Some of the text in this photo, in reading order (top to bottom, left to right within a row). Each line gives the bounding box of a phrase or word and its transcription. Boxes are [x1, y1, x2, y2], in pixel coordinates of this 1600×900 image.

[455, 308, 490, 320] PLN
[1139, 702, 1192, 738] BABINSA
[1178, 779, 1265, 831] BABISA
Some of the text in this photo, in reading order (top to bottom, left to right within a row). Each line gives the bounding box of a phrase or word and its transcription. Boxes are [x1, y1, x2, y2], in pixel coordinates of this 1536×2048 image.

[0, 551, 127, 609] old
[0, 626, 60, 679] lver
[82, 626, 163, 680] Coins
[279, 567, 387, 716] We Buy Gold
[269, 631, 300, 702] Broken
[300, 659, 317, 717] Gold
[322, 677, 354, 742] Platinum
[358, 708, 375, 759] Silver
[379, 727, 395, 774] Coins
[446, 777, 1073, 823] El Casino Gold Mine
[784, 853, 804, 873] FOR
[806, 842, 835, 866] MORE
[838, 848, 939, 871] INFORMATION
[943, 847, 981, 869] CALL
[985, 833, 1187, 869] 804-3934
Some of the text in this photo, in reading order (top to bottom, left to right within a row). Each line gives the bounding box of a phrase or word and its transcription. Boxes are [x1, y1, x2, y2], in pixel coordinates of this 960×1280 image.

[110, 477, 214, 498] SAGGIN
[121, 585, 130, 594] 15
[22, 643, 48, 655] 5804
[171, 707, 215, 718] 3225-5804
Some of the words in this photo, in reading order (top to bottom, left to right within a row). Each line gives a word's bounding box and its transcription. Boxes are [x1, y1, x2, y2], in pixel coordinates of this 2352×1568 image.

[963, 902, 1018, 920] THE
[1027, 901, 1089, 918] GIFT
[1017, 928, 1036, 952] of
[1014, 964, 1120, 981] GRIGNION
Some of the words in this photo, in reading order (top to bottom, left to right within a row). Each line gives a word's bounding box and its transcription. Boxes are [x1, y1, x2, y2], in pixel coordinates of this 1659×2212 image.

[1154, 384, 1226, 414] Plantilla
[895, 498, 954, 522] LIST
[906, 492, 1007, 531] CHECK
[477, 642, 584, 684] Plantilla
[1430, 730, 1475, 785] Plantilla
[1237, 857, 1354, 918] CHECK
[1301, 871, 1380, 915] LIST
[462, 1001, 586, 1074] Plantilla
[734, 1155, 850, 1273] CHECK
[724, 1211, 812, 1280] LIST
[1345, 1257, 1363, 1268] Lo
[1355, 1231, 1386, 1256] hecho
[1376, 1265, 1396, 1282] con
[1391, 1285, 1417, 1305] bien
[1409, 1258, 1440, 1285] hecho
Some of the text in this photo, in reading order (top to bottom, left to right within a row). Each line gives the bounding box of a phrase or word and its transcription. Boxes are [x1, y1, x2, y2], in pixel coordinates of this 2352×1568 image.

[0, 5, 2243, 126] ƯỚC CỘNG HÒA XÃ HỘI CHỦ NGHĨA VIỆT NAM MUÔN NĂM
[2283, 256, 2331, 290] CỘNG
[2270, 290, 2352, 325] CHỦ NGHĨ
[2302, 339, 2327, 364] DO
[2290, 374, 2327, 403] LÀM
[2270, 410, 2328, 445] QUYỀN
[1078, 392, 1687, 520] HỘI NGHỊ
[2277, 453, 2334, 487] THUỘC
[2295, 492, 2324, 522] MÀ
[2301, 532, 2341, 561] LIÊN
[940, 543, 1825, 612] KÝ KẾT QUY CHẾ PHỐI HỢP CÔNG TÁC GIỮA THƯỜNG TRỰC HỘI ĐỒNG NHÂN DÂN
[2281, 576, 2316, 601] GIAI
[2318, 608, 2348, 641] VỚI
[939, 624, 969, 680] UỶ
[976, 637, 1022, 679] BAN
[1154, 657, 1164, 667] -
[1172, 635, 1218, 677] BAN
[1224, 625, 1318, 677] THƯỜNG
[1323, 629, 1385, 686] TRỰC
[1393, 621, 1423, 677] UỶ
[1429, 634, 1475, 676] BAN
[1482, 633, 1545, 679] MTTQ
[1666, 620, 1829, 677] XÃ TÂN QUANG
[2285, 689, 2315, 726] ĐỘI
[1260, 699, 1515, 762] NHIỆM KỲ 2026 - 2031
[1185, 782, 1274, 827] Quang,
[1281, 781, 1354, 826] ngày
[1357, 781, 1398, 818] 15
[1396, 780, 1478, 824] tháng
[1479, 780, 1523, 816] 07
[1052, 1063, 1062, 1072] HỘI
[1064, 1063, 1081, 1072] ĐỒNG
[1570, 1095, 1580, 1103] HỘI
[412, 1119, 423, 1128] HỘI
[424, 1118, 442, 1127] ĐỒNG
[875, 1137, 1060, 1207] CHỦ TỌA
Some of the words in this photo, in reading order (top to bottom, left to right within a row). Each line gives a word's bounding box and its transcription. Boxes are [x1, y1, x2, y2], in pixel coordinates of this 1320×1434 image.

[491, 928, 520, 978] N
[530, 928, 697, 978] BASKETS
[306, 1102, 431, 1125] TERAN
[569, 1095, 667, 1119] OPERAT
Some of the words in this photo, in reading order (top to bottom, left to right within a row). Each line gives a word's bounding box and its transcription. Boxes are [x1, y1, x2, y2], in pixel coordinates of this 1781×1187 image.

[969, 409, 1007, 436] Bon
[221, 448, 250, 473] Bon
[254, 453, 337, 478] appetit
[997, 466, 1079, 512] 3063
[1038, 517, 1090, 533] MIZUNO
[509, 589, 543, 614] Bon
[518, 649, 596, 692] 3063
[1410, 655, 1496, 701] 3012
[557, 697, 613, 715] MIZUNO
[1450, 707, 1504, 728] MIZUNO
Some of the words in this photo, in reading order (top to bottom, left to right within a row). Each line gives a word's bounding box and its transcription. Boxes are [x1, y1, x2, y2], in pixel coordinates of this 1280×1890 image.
----------
» Activity
The answer must reproduce all of the entries exactly.

» Answer below
Some of the text in this photo, in reading order (top to bottom, left to right within a row). Each line gives the bounding box of a phrase or word and its transcription. Boxes are [x1, y1, x2, y2], in pixel coordinates of this 1600×900 image.

[455, 308, 490, 320] PLN
[1139, 702, 1192, 738] BABINSA
[1178, 779, 1265, 831] BABISA
Some of the text in this photo, in reading order (top to bottom, left to right within a row). Each line gives the bounding box of a phrase or word and its transcription. Boxes are [x1, y1, x2, y2], in pixel coordinates of this 1536×2048 image.

[0, 551, 127, 609] old
[0, 626, 60, 679] lver
[82, 626, 163, 680] Coins
[279, 567, 387, 716] We Buy Gold
[269, 631, 300, 702] Broken
[300, 659, 317, 717] Gold
[322, 677, 354, 742] Platinum
[358, 708, 375, 759] Silver
[379, 727, 395, 774] Coins
[446, 777, 1073, 823] El Casino Gold Mine
[784, 853, 804, 873] FOR
[806, 842, 835, 866] MORE
[838, 848, 939, 871] INFORMATION
[943, 847, 981, 869] CALL
[985, 833, 1187, 869] 804-3934
Some of the text in this photo, in reading order (top to bottom, left to right within a row). Each line gives the bounding box of a phrase or word and its transcription. Boxes are [x1, y1, x2, y2], in pixel coordinates of this 960×1280 image.

[110, 477, 214, 498] SAGGIN
[121, 585, 130, 594] 15
[22, 643, 48, 655] 5804
[171, 707, 215, 718] 3225-5804
Some of the words in this photo, in reading order (top to bottom, left to right within a row). Each line gives a word's bounding box and its transcription. Boxes are [x1, y1, x2, y2], in pixel coordinates of this 2352×1568 image.

[963, 902, 1018, 920] THE
[1027, 901, 1089, 918] GIFT
[1017, 928, 1036, 952] of
[1014, 964, 1120, 981] GRIGNION
Some of the words in this photo, in reading order (top to bottom, left to right within a row). Each line gives a word's bounding box and its transcription. Boxes are [x1, y1, x2, y2], in pixel coordinates of this 1659×2212 image.

[1154, 384, 1226, 414] Plantilla
[895, 498, 954, 522] LIST
[906, 492, 1007, 531] CHECK
[477, 642, 584, 684] Plantilla
[1430, 730, 1475, 785] Plantilla
[1237, 857, 1354, 918] CHECK
[1301, 871, 1380, 915] LIST
[462, 1001, 586, 1074] Plantilla
[734, 1155, 850, 1273] CHECK
[724, 1211, 812, 1280] LIST
[1345, 1257, 1363, 1268] Lo
[1355, 1231, 1386, 1256] hecho
[1376, 1265, 1396, 1282] con
[1391, 1285, 1417, 1305] bien
[1409, 1258, 1440, 1285] hecho
Some of the text in this photo, in reading order (top to bottom, left to right within a row). Each line gives the bounding box of a phrase or word and its transcription. Boxes are [x1, y1, x2, y2], in pixel coordinates of this 2352×1568 image.

[0, 5, 2243, 126] ƯỚC CỘNG HÒA XÃ HỘI CHỦ NGHĨA VIỆT NAM MUÔN NĂM
[2283, 256, 2331, 290] CỘNG
[2270, 290, 2352, 325] CHỦ NGHĨ
[2302, 339, 2327, 364] DO
[2290, 374, 2327, 403] LÀM
[2270, 410, 2328, 445] QUYỀN
[1078, 392, 1687, 520] HỘI NGHỊ
[2277, 453, 2334, 487] THUỘC
[2295, 492, 2324, 522] MÀ
[2301, 532, 2341, 561] LIÊN
[940, 543, 1825, 612] KÝ KẾT QUY CHẾ PHỐI HỢP CÔNG TÁC GIỮA THƯỜNG TRỰC HỘI ĐỒNG NHÂN DÂN
[2281, 576, 2316, 601] GIAI
[2318, 608, 2348, 641] VỚI
[939, 624, 969, 680] UỶ
[976, 637, 1022, 679] BAN
[1154, 657, 1164, 667] -
[1172, 635, 1218, 677] BAN
[1224, 625, 1318, 677] THƯỜNG
[1323, 629, 1385, 686] TRỰC
[1393, 621, 1423, 677] UỶ
[1429, 634, 1475, 676] BAN
[1482, 633, 1545, 679] MTTQ
[1666, 620, 1829, 677] XÃ TÂN QUANG
[2285, 689, 2315, 726] ĐỘI
[1260, 699, 1515, 762] NHIỆM KỲ 2026 - 2031
[1185, 782, 1274, 827] Quang,
[1281, 781, 1354, 826] ngày
[1357, 781, 1398, 818] 15
[1396, 780, 1478, 824] tháng
[1479, 780, 1523, 816] 07
[1052, 1063, 1062, 1072] HỘI
[1064, 1063, 1081, 1072] ĐỒNG
[1570, 1095, 1580, 1103] HỘI
[412, 1119, 423, 1128] HỘI
[424, 1118, 442, 1127] ĐỒNG
[875, 1137, 1060, 1207] CHỦ TỌA
Some of the words in this photo, in reading order (top to bottom, left to right within a row). Each line gives a word's bounding box and its transcription. Boxes are [x1, y1, x2, y2], in pixel coordinates of this 1320×1434 image.

[491, 928, 520, 978] N
[530, 928, 697, 978] BASKETS
[306, 1102, 431, 1125] TERAN
[569, 1095, 667, 1119] OPERAT
Some of the words in this photo, in reading order (top to bottom, left to right within a row). Each line gives a word's bounding box and its transcription. Boxes are [x1, y1, x2, y2], in pixel coordinates of this 1781×1187 image.

[969, 409, 1007, 436] Bon
[221, 448, 250, 473] Bon
[254, 453, 337, 478] appetit
[997, 466, 1079, 512] 3063
[1038, 517, 1090, 533] MIZUNO
[509, 589, 543, 614] Bon
[518, 649, 596, 692] 3063
[1410, 655, 1496, 701] 3012
[557, 697, 613, 715] MIZUNO
[1450, 707, 1504, 728] MIZUNO
Some of the words in this photo, in reading order (top to bottom, left to right within a row). Each line gives a word's bounding box and its transcription. Boxes are [x1, y1, x2, y2], in pixel coordinates of this 1280×1890 image.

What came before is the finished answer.